What is needed: All the data that follows should be repeated exactly, without a single picture.

*** Materials provided

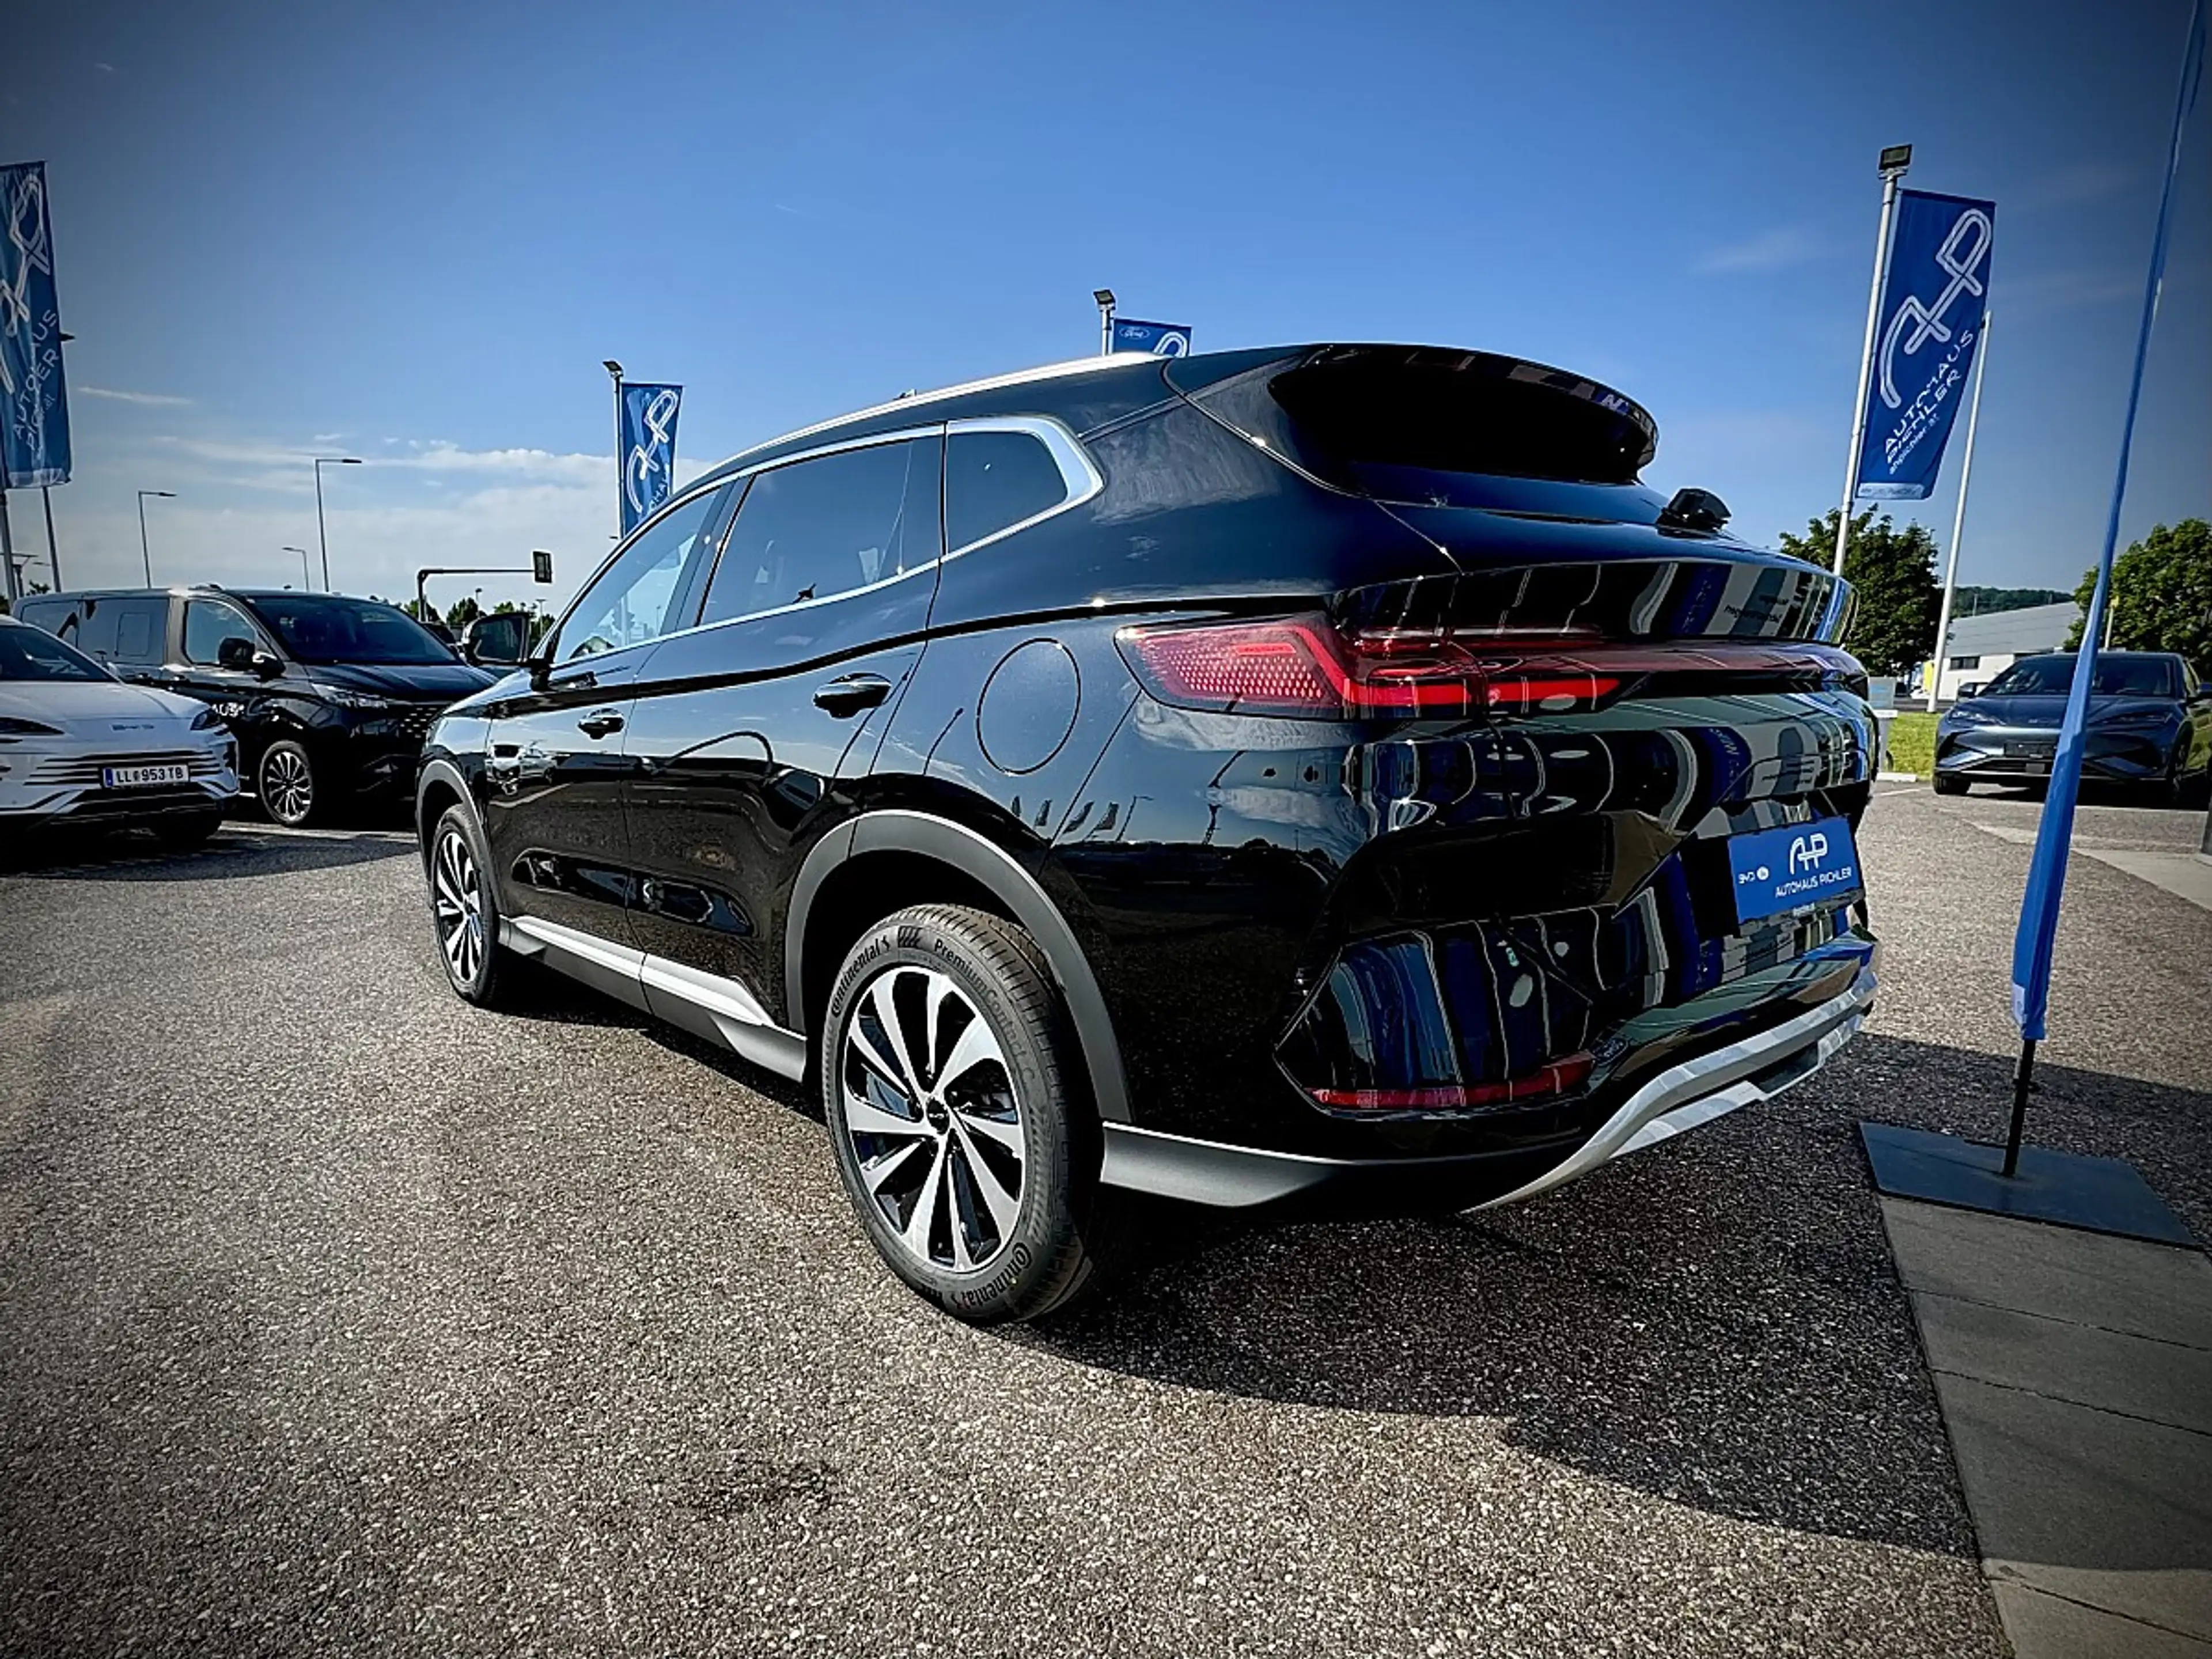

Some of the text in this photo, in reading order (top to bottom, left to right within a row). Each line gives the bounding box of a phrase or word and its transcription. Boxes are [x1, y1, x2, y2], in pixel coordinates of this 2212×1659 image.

[1886, 330, 1973, 453] AUTOHAUS
[1888, 369, 1961, 463] PICHLER
[116, 767, 183, 783] LL 953 TB
[1775, 866, 1852, 899] AUTOHAUS PICHLER
[832, 938, 881, 1018] Continental
[960, 1242, 1032, 1310] Continental

******

Exercise output:
Some of the text in this photo, in reading order (top to bottom, left to right within a row). Each line gives the bounding box of a phrase or word and its transcription. Boxes are [x1, y1, x2, y2], in pixel coordinates of this 2212×1659 image.

[1886, 330, 1973, 453] AUTOHAUS
[1888, 369, 1961, 463] PICHLER
[116, 767, 183, 783] LL 953 TB
[1775, 866, 1852, 899] AUTOHAUS PICHLER
[832, 938, 881, 1018] Continental
[960, 1242, 1032, 1310] Continental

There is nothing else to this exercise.